(What you are asked to do):
Every entry, start to finish, should be printed verbatim without pictures.

#### Data for analysis ####

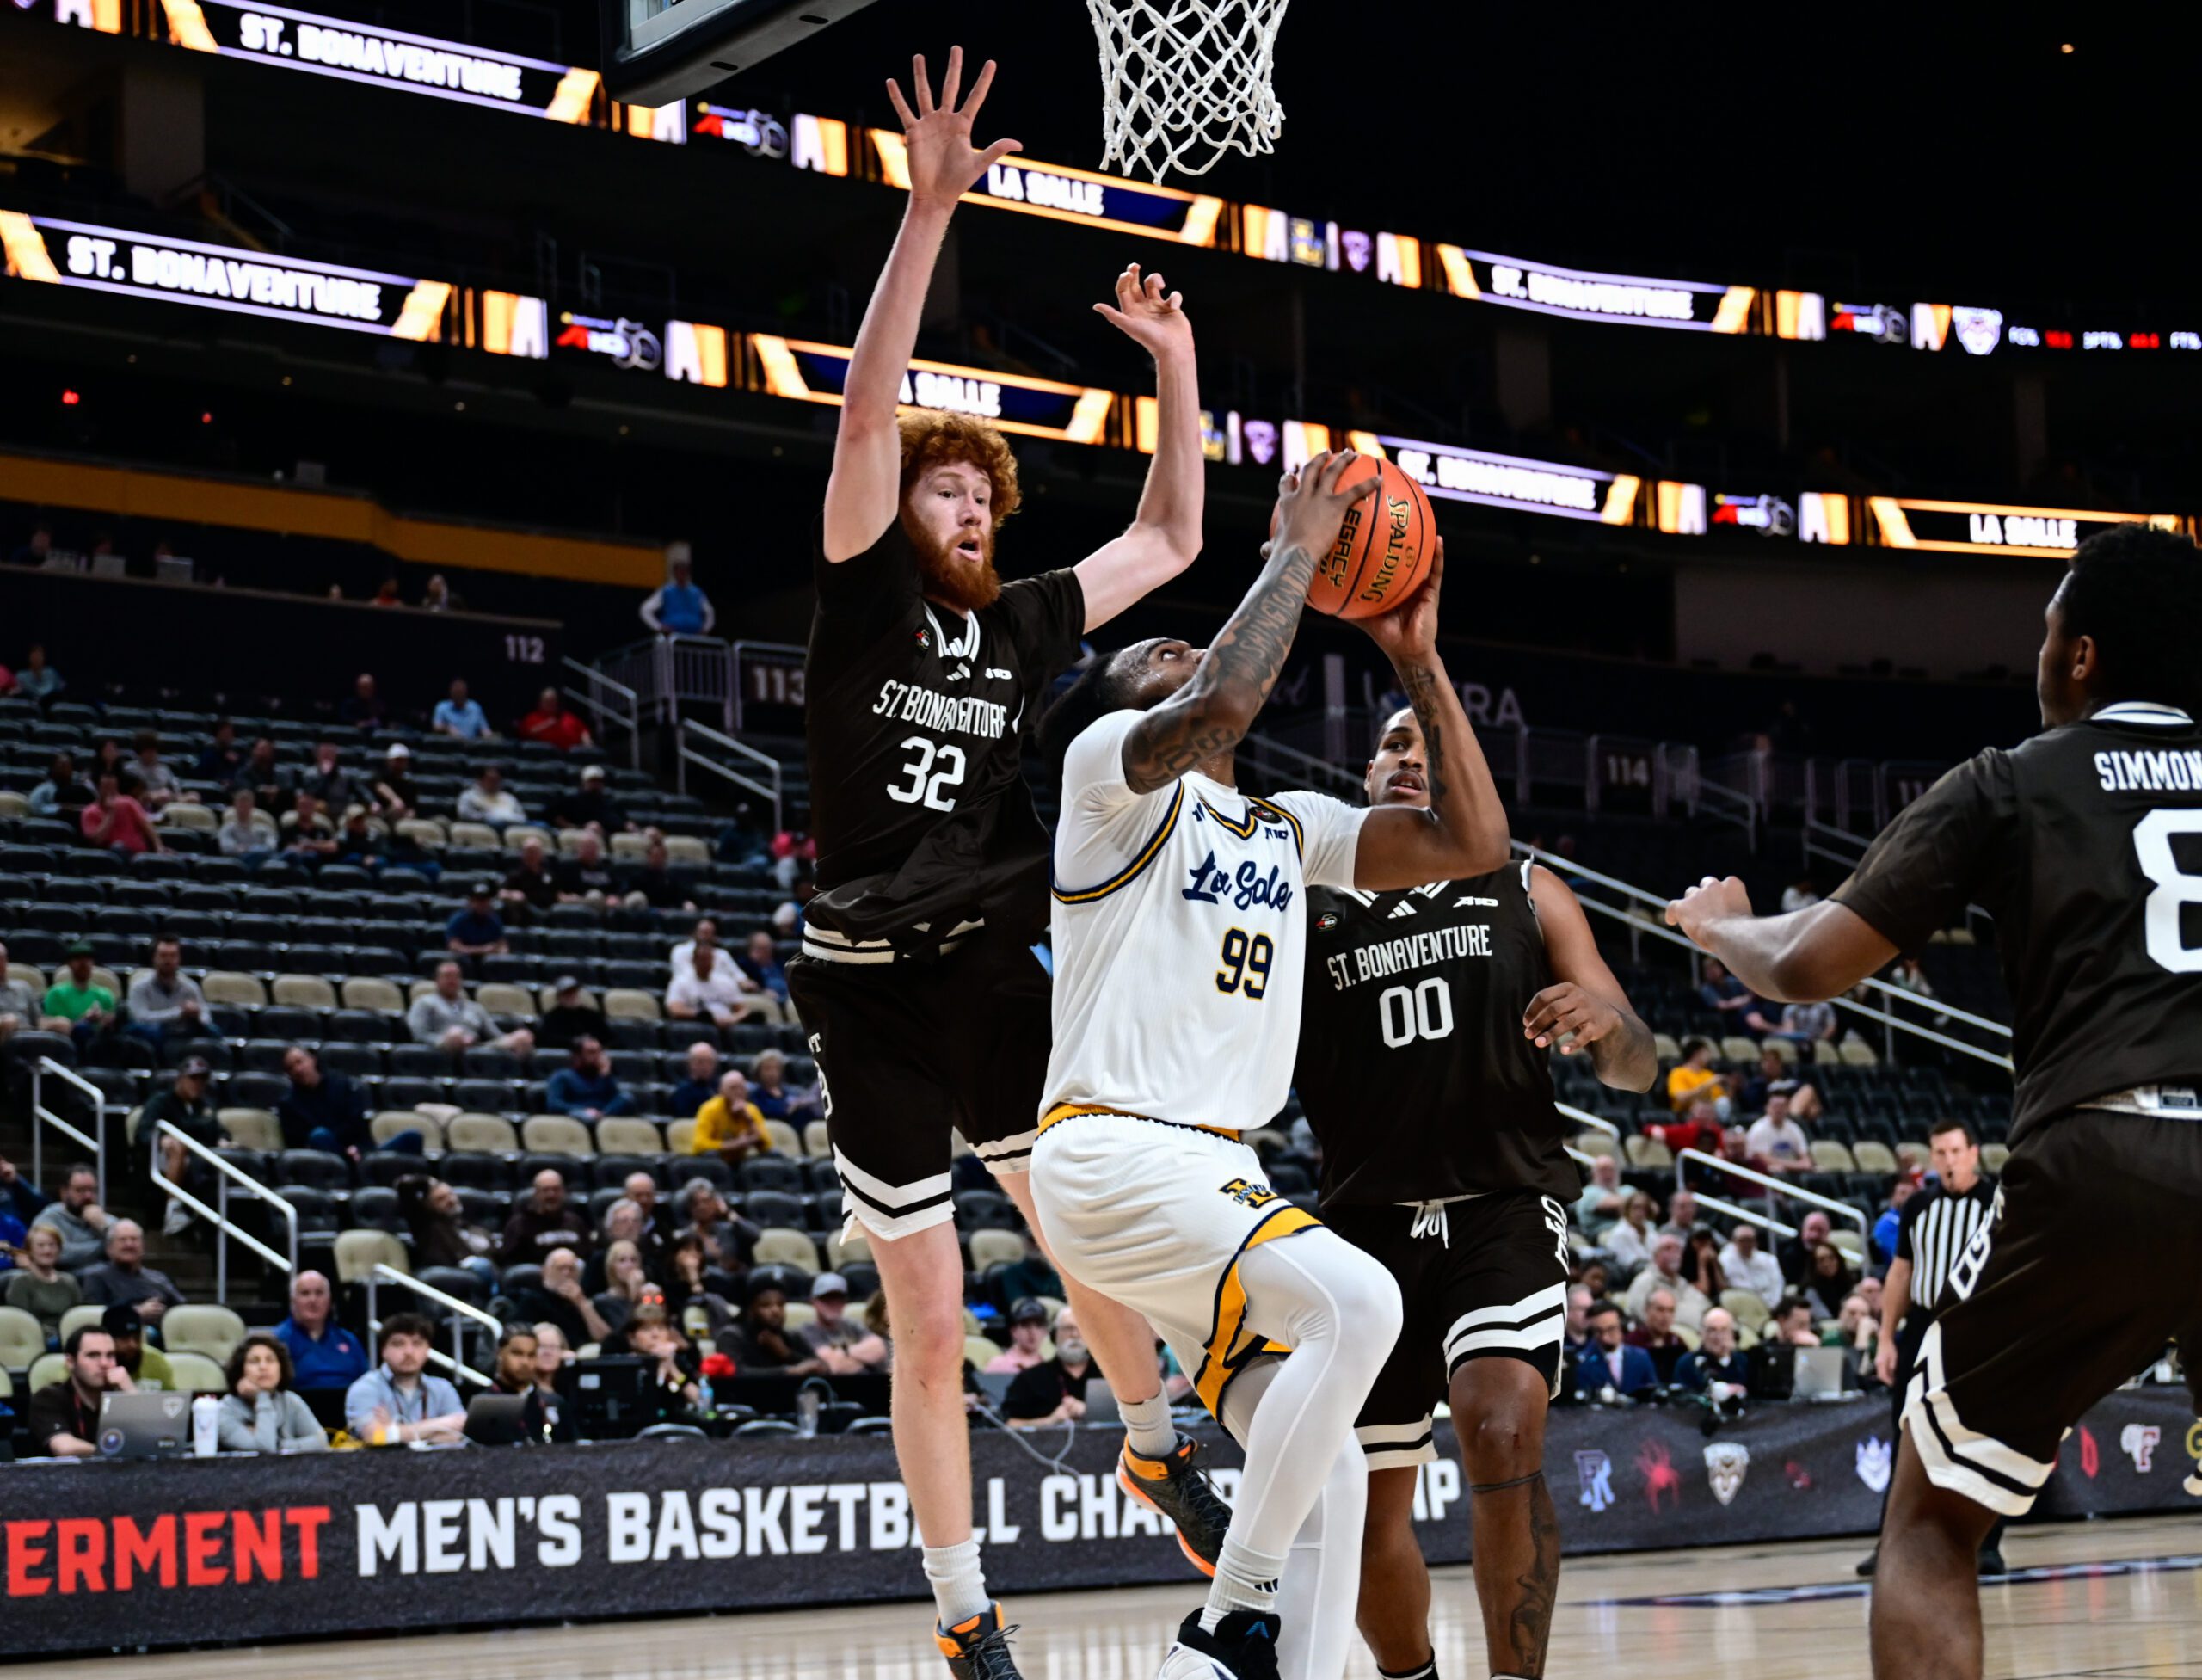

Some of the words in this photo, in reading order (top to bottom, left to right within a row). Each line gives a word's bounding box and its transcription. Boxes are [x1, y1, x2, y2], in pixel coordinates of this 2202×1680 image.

[241, 14, 292, 55] ST.
[298, 24, 522, 100] BONAVENTURE
[988, 163, 1024, 201] LA
[68, 237, 125, 280] ST.
[132, 246, 381, 320] BONAVENTURE
[1328, 507, 1363, 588] EGACY
[1360, 495, 1410, 602] SPALDING
[505, 635, 544, 663] 112
[886, 735, 967, 813] 32
[1607, 755, 1649, 787] 114
[1182, 849, 1233, 905] La
[1215, 925, 1274, 1001] 99
[1327, 952, 1356, 991] ST.
[1355, 924, 1492, 982] BONAVENTURE
[1379, 976, 1455, 1049] 00
[6, 1505, 331, 1597] ERMENT
[355, 1493, 582, 1578] MEN'S
[606, 1476, 1021, 1564] BASKETBL
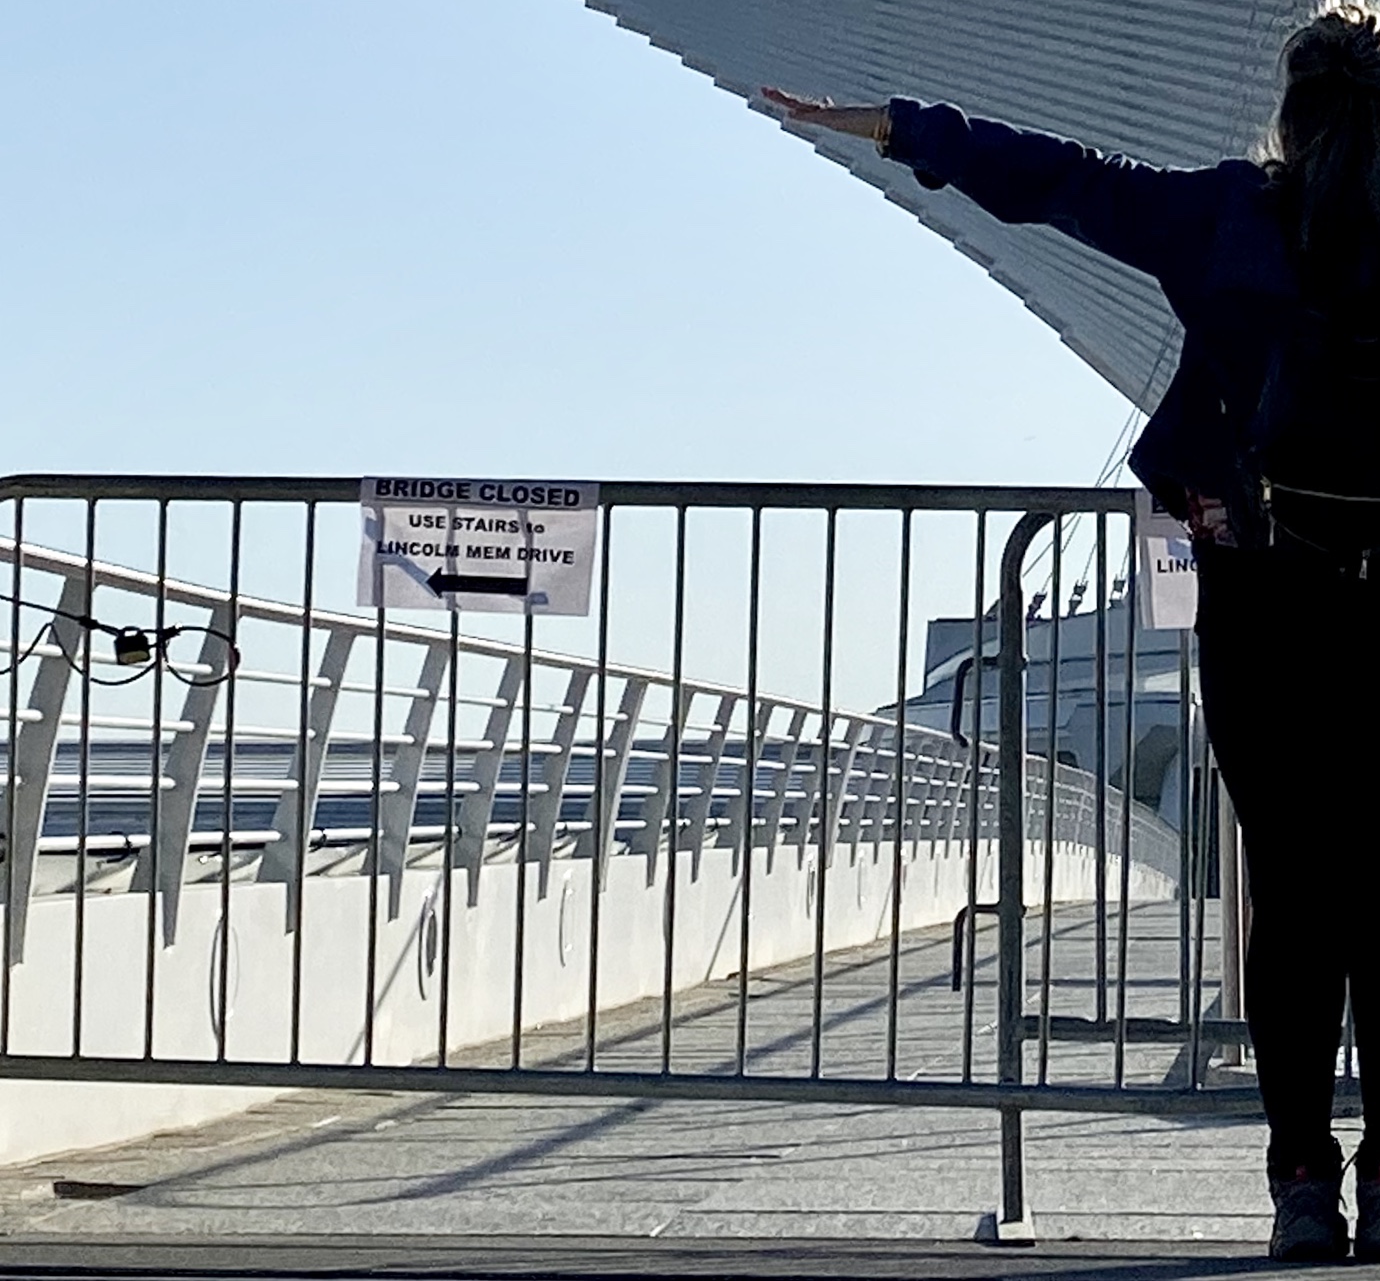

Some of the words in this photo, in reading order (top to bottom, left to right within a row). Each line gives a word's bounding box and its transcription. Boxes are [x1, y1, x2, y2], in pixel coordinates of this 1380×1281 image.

####

(Answer box):
Some of the words in this photo, in reading order (top to bottom, left to right within a row). Each line gives a word's bounding box and its transcription. Boxes are [x1, y1, x2, y2], in pixel coordinates of this 2202×1680 image.

[241, 14, 292, 55] ST.
[298, 24, 522, 100] BONAVENTURE
[988, 163, 1024, 201] LA
[68, 237, 125, 280] ST.
[132, 246, 381, 320] BONAVENTURE
[1328, 507, 1363, 588] EGACY
[1360, 495, 1410, 602] SPALDING
[505, 635, 544, 663] 112
[886, 735, 967, 813] 32
[1607, 755, 1649, 787] 114
[1182, 849, 1233, 905] La
[1215, 925, 1274, 1001] 99
[1327, 952, 1356, 991] ST.
[1355, 924, 1492, 982] BONAVENTURE
[1379, 976, 1455, 1049] 00
[6, 1505, 331, 1597] ERMENT
[355, 1493, 582, 1578] MEN'S
[606, 1476, 1021, 1564] BASKETBL

Some of the words in this photo, in reading order (top to bottom, left to right within a row). Each line gives a word's bounding box and its transcription. Boxes are [x1, y1, x2, y2], in pixel coordinates of this 1380×1281 image.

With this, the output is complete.